Main Content

GPU Execution Profiling of the Generated Code

This example shows you how to generate an execution profiling report for the generated CUDA® code by using the gpucoder.profile function.

The GPU Coder profiler runs a software-in-the-loop (SIL) execution that produces execution-time metrics for the tasks and kernels in the generated code. This example generates an execution profiling report for the Fog Rectification example from GPU Coder. For more information, see Fog Rectification.

Third-Party Prerequisites

  • CUDA enabled NVIDIA® GPU.

  • NVIDIA CUDA toolkit and driver.

  • NVIDIA Nsight™ Systems. For information on the supported versions of the compilers and libraries, see Third-Party Hardware.

  • Environment variables for the compilers and libraries. For setting up the environment variables, see Setting Up the Prerequisite Products.
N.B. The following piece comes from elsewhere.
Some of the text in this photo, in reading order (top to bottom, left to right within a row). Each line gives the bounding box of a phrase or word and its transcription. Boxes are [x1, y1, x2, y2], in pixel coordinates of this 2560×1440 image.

  • The profiling workflow of this example depends on the profiling tools from NVIDIA that accesses GPU performance counters. From CUDA toolkit v10.1, NVIDIA restricts access to performance counters to only admin users. To enable GPU performance counters to be used by all users, see the instructions provided in Permission issue with Performance Counters (NVIDIA).

Verify GPU Environment

To verify that the compilers and libraries necessary for running this example are set up correctly, use the coder.checkGpuInstall function.

envCfg = coder.gpuEnvConfig('host');
envCfg.BasicCodegen = 1;
envCfg.Quiet = 1;
coder.checkGpuInstall(envCfg);

Fog Rectification Algorithm

To improve the foggy input image, the algorithm performs fog removal and then contrast enhancement. The diagram shows the steps of both these operations.
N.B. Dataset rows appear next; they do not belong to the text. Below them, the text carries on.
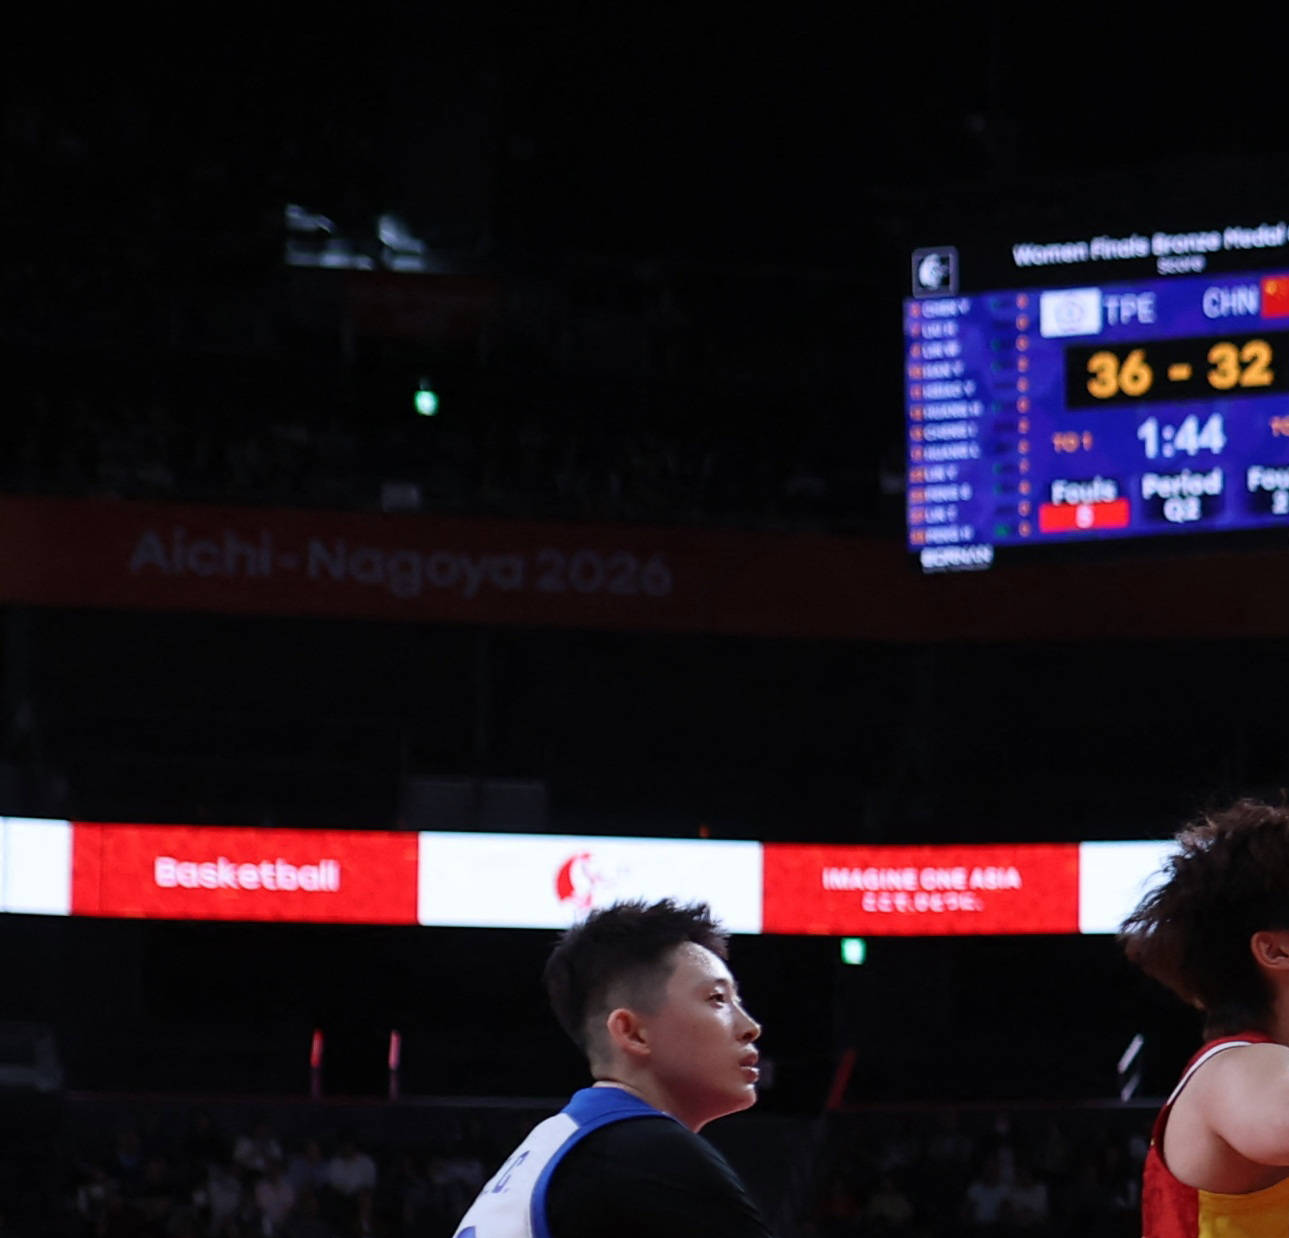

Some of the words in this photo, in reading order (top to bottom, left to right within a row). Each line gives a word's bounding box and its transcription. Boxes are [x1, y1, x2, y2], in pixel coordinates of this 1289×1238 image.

[1013, 240, 1088, 267] Women
[1090, 233, 1150, 260] Finals
[1152, 231, 1222, 256] Bronze
[1223, 223, 1287, 250] Medal
[1104, 291, 1156, 326] TPE
[1203, 283, 1260, 319] CHN
[1086, 350, 1154, 399] 36
[1207, 339, 1275, 390] 32
[1137, 412, 1227, 460] 1:44
[1051, 474, 1118, 506] Fouls
[1141, 466, 1223, 499] Period
[128, 525, 526, 600] Aichi-Nagoya
[534, 547, 675, 599] 2026
[153, 856, 341, 893] Basketball
[822, 866, 917, 891] IMAGINE
[919, 866, 967, 891] ONE
[969, 865, 1023, 890] ASIA
This example takes a foggy RGB image as input. To perform fog removal, the algorithm estimates the dark channel of the image, calculates the airlight map based on the dark channel, and refines the airlight map by using filters. The restoration stage creates a defogged image by subtracting the refined airlight map from the input image.

Then, the Contrast Enhancement stage assesses the range of intensity values in the image and uses contrast stretching to expand the range of values and make features stand out more clearly.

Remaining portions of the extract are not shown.